As we read the Bible, we continually come across prayers of various types. But we also find a book made up solely of prayers, a book that has become the native land, gymnasium and home of countless men and women of prayer. It is the Book of Psalms. There are 150 Psalms to pray.
It forms part of the books of wisdom because it communicates “knowing how to pray” through the experience of dialogue with God. In the Psalms, we find all human sentiments: the joys, the sorrows, the doubts, the hopes, the bitterness that color our lives. The Catechism affirms that every Psalm “possesses such direct simplicity that it can be prayed in truth by men of all times and conditions” (CCC, 2588). As we read and reread the Psalms, we learn the language of prayer. God the Father, indeed, with His Spirit, inspired them in the heart of King David and others who prayed, in order to teach every man and woman how to praise Him, how to thank Him and to supplicate; how to invoke Him in joy and in suffering, and how to recount the wonders of His works and of His Law. In short, the Psalms are the word of God that we human beings use to speak with Him.
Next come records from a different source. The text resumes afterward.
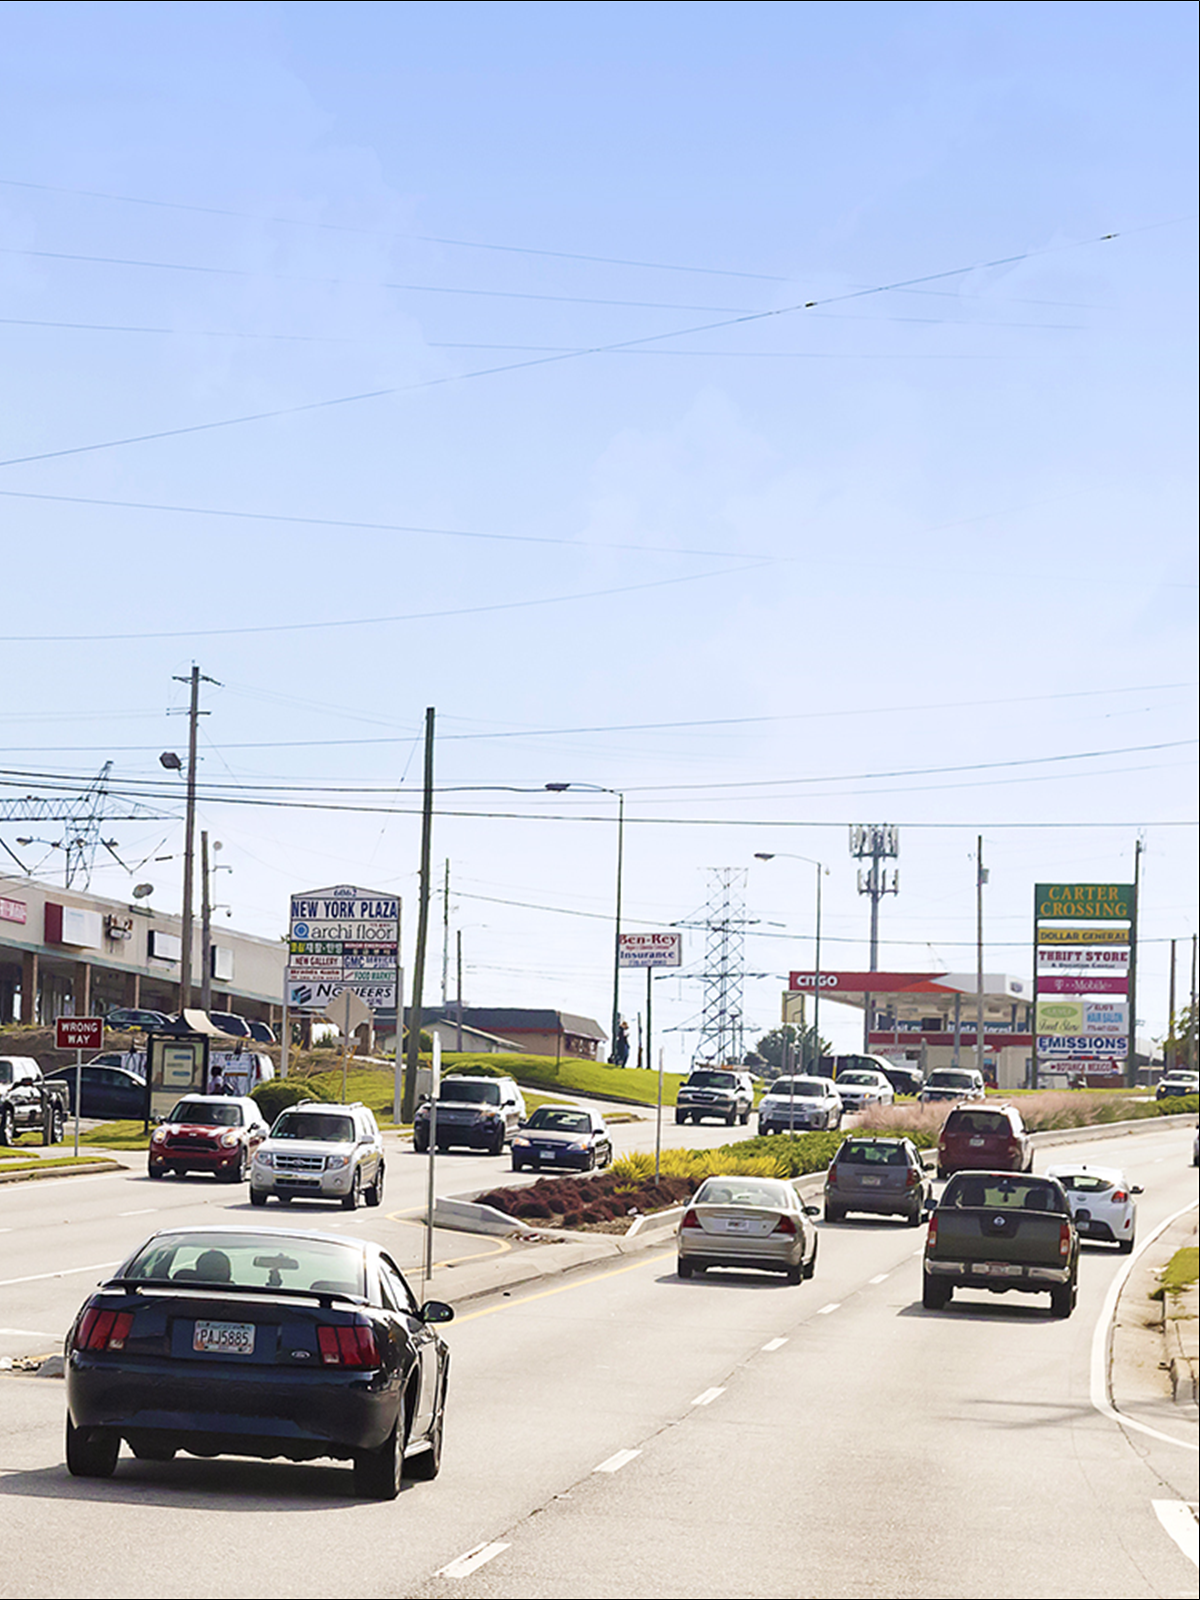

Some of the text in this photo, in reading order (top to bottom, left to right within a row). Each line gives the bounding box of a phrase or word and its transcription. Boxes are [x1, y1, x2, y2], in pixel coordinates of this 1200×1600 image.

[1048, 886, 1119, 900] CARTER
[291, 901, 398, 918] NEW YORK PLAZA
[1040, 902, 1127, 917] CROSSING
[311, 924, 393, 939] archi floor
[1040, 932, 1127, 940] DOLLAR GENERAL
[620, 951, 675, 959] Insurance
[1039, 951, 1128, 961] THRIFT STORE
[797, 975, 838, 986] CITGO
[316, 984, 392, 998] NGNEERS
[61, 1021, 98, 1032] WRONG
[67, 1034, 90, 1044] WAY
[1038, 1037, 1127, 1049] EMISSIONS
In this book, we do not encounter ethereal people, abstract people, those who confuse prayer with an aesthetic or alienating experience. The Psalms are not texts created on paper; they are invocations, often dramatic, that spring from lived existence. To pray them it is enough for us to be what we are. We must not forget that to pray well we must pray as we are, without embellishment. One must not embellish the soul to pray. “Lord, I am like this”, and go in front of the Lord as we are, with the good things and also with the bad things that no-one knows about, but that we inwardly know. In the Psalms, we hear the voices of men and women of prayer in flesh and blood, whose life, like that of us all, is fraught with problems, hardships, and uncertainties. The Psalmist does not radically contest this suffering: he knows that it is part of living. In the Psalms, however, suffering is transformed into a question. From suffering to questioning.
And among the many questions, there is one that remains suspended, like an incessant cry that runs throughout the entire book from beginning to end. A question that we repeat many times: “Until when, Lord? Until when?” Every suffering calls for liberation, every tear calls for consolation, every wound awaits healing, every slander a sentence of absolution. “Until when, Lord, must I suffer this? Listen to me, Lord!” How many times we have prayed like this, with “Until when?”, enough now, Lord!
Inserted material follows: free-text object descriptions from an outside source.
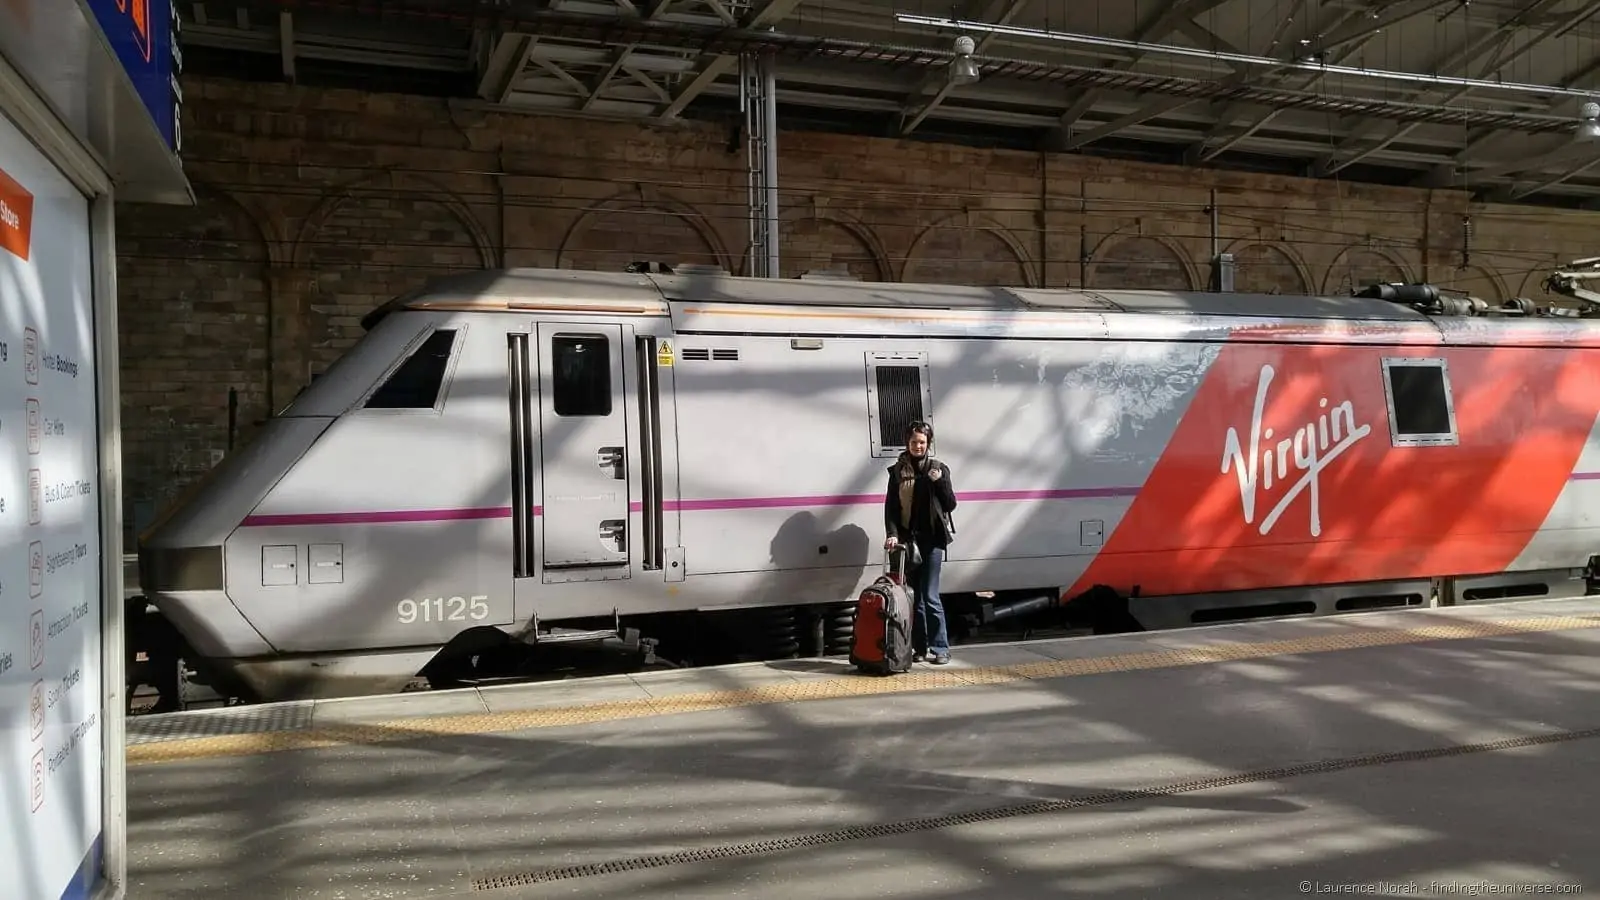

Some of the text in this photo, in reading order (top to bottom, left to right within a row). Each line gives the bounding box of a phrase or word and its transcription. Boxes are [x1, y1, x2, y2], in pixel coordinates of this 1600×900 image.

[0, 199, 20, 230] Store
[56, 355, 78, 378] Bookings
[1221, 364, 1371, 537] Virgin
[46, 543, 87, 573] Sightseeing Tours
[48, 601, 88, 638] Attraction Tickets
[397, 595, 489, 624] 91125
[62, 669, 80, 694] Tickets
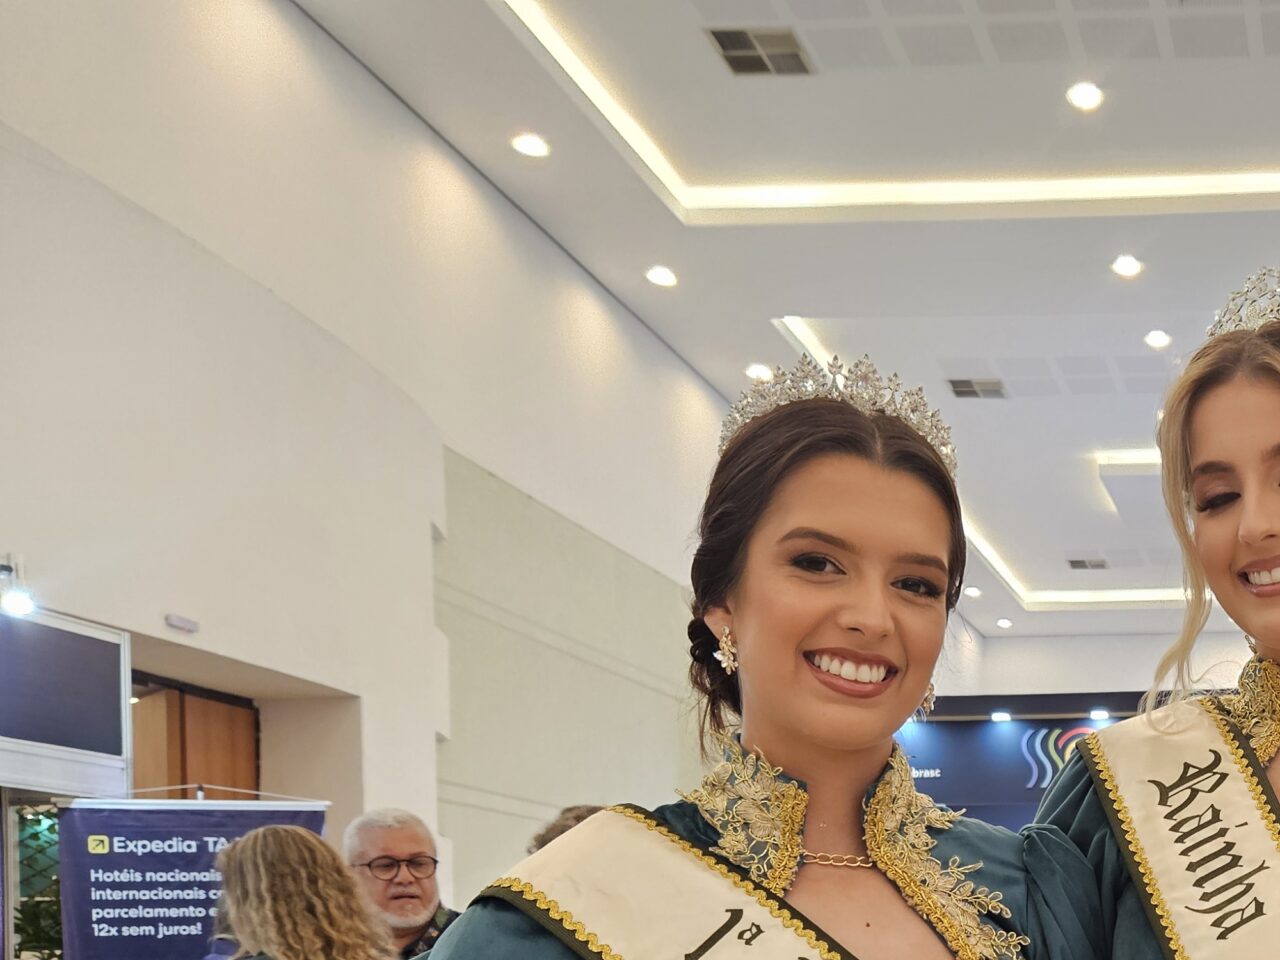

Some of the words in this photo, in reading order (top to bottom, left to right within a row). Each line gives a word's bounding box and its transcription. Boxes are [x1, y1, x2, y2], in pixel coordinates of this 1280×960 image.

By constantly asking such questions, the Psalms teach us not to get used to pain, and remind us that life is not saved unless it is healed. The existence of each human being is but a breath, his or her story is fleeting, but the prayerful know that they are precious in the eyes of God, and so it makes sense to cry out. And this is important. When we pray, we do so because we know we are precious in God’s eyes. It is the grace of the Holy Spirit that, from within, inspires in us this awareness: of being precious in the eyes of God. And this is why we are moved to pray.
The prayer of the Psalms is the testimony of this cry: a multiple cry, because in life pain takes a thousand forms, and takes the name of sickness, hatred, war, persecution, distrust… Until the supreme “scandal”, that of death. Death appears in the Psalter as man’s most unreasonable enemy: what crime deserves such cruel punishment, which involves annihilation and the end? The prayer of the Psalms asks God to intervene where all human efforts are in vain. That is why prayer, in and of itself, is the way of salvation and the beginning of salvation.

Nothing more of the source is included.